If I'm reading this sckit learn thread correctly, it appears that you are not the first person to raise a similar question about adding 1 to IDF scores. The consensus on that thread is that +1 is nonstandard behavior as well. I only skimmed it, but the thread does not appear contain a resounding endorsement or justification of +1.
So the choice of +1 has the effect of placing the lower bound on all IDF values at 1 rather than at 0. This is the same as adding $e$ documents containing every word to your corpus. Not sure why that might be helpful, but perhaps it is in specific contexts. One might even treat some parameter $c$ in $c+\log\left(\frac{\text{numDocs}}{\text{docFreq+1}}\right)$ as a tuning parameter, to give you a more flexible family of IDF schemes with $c$ as their lower bound.
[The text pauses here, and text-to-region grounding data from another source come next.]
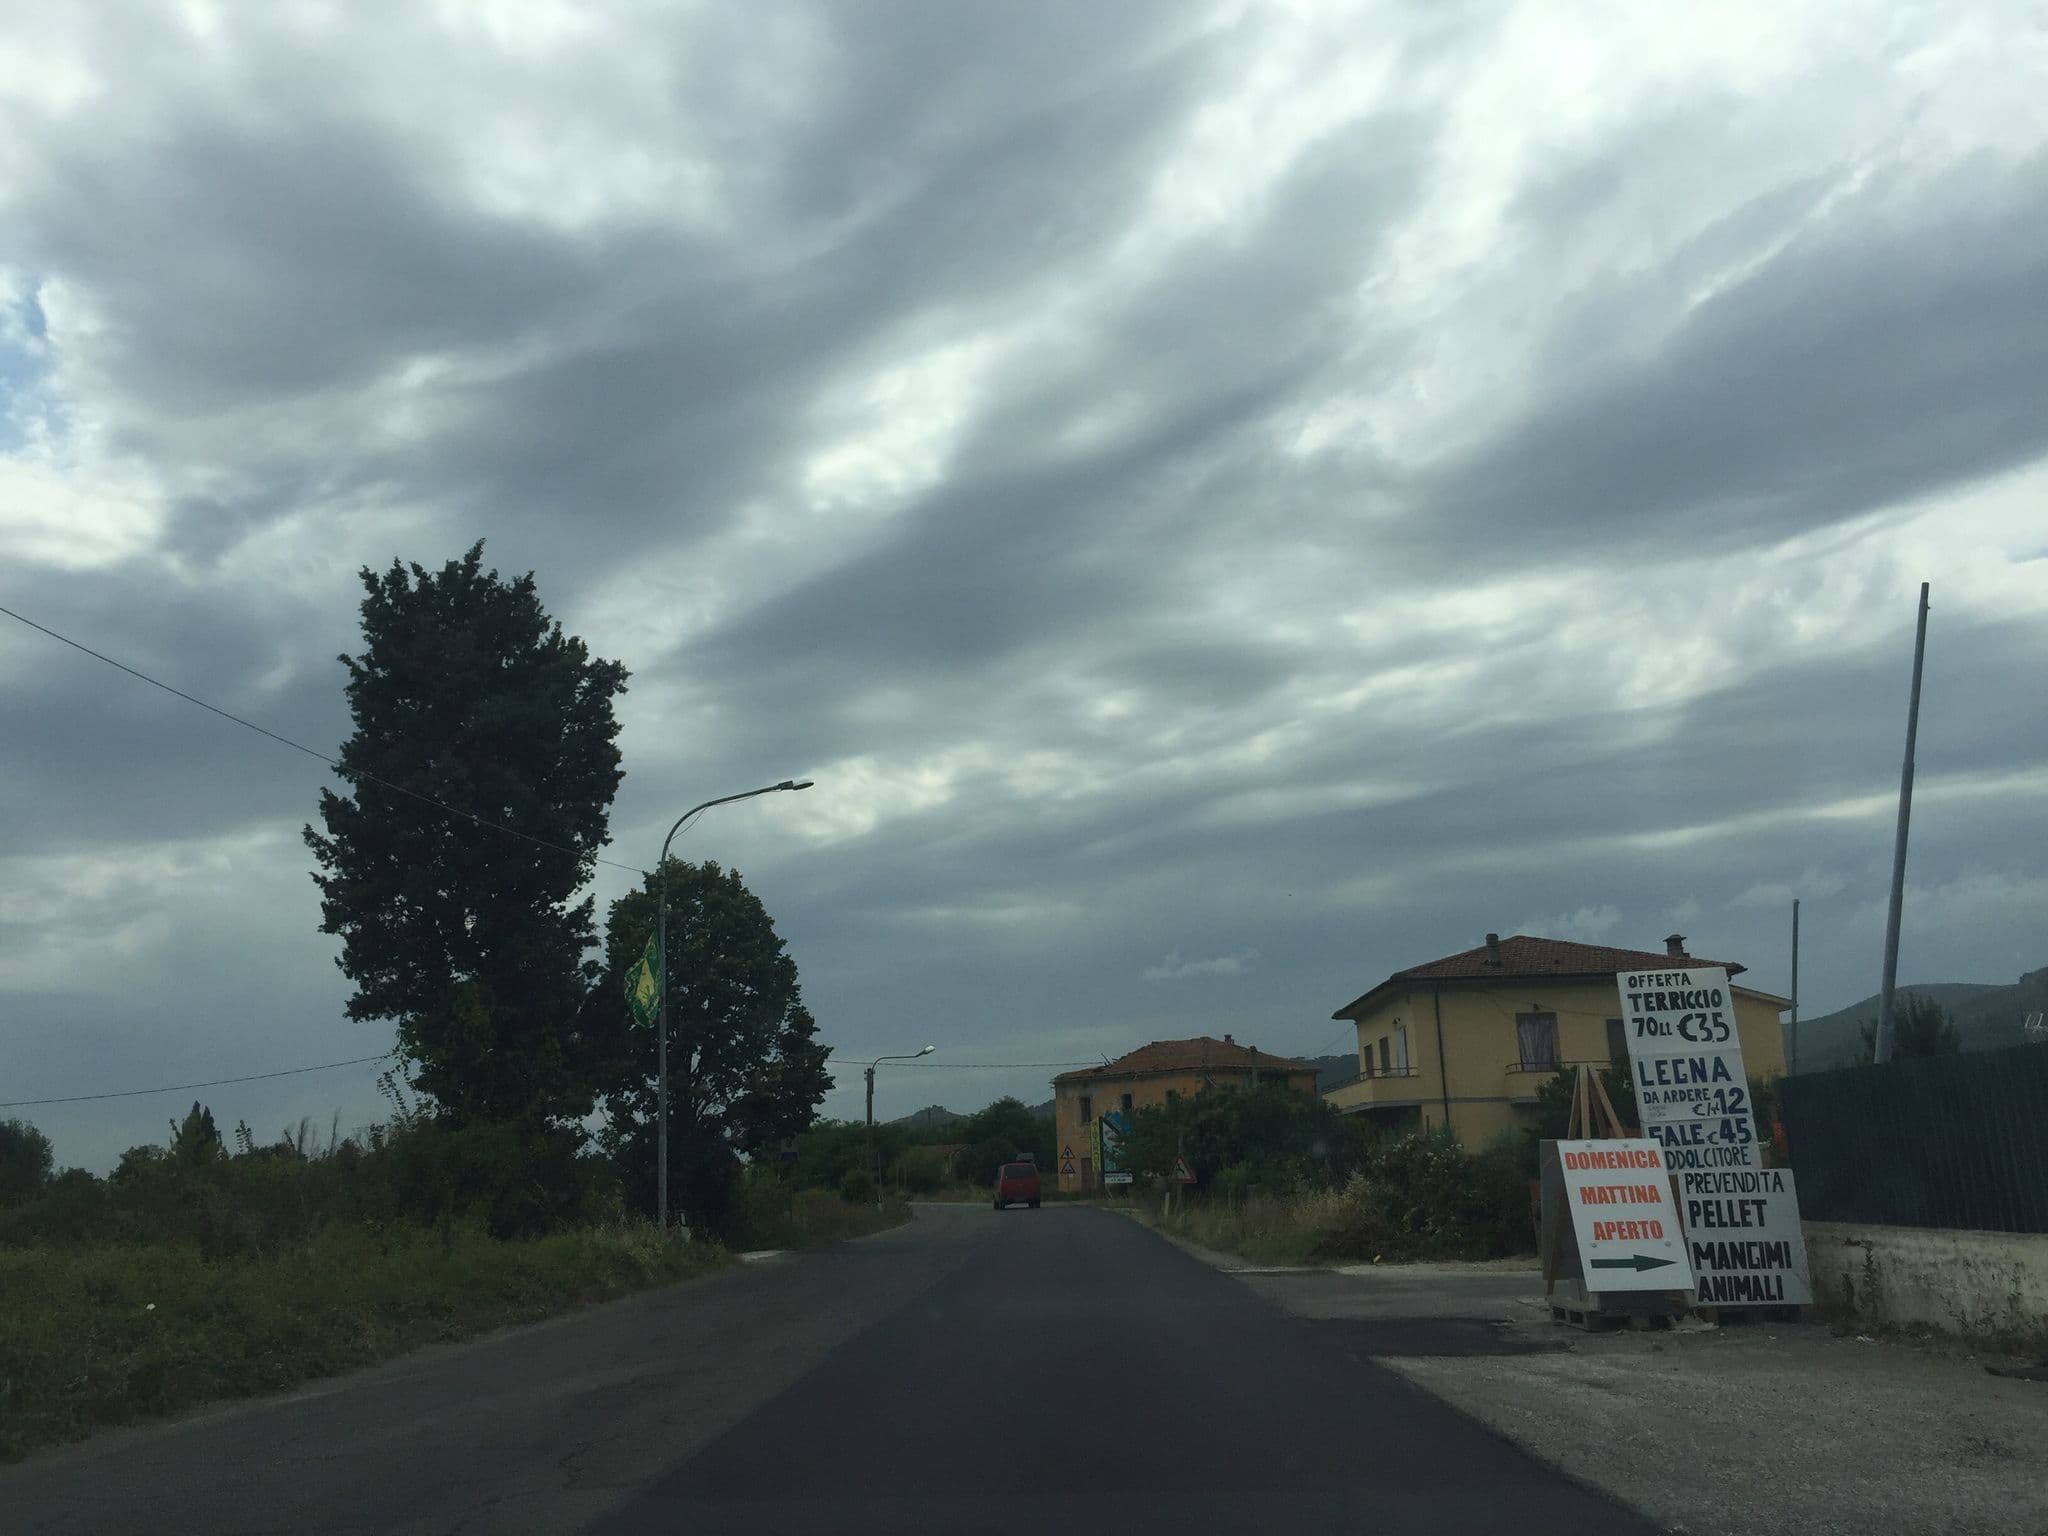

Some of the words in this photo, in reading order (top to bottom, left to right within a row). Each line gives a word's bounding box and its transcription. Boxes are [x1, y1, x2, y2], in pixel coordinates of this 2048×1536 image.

[1628, 972, 1691, 988] OFFERTA
[1627, 989, 1722, 1012] TERRICCIO
[1638, 1056, 1732, 1086] LEGNA
[1643, 1092, 1660, 1104] DA
[1664, 1088, 1710, 1103] ARDERE
[1713, 1087, 1748, 1115] 12
[1648, 1123, 1704, 1147] SALE
[1565, 1150, 1661, 1170] DOMENICA
[1665, 1146, 1751, 1170] DDOLCITORE
[1685, 1171, 1785, 1194] PREVENDITA
[1579, 1185, 1662, 1205] MATTINA
[1688, 1199, 1767, 1228] PELLET
[1593, 1220, 1664, 1241] APERTO
[1692, 1241, 1792, 1270] MANGIMI
[1698, 1275, 1785, 1302] ANIMALI
When the lower bound of IDF is zero, the product $\text{term frequency}\times\text{IDF}$ may be 0 for some terms, so that those terms are given no weight at all in the learning procedure; qualitatively, the terms are so common that they provide no information relevant to the NLP task. When the lower-bound is nonzero, these terms will have more influence.
- John Lafferty and Guy Lebanon. "Diffusion Kernels on Statistical Manifolds." Journal of Machine Learning. 2005.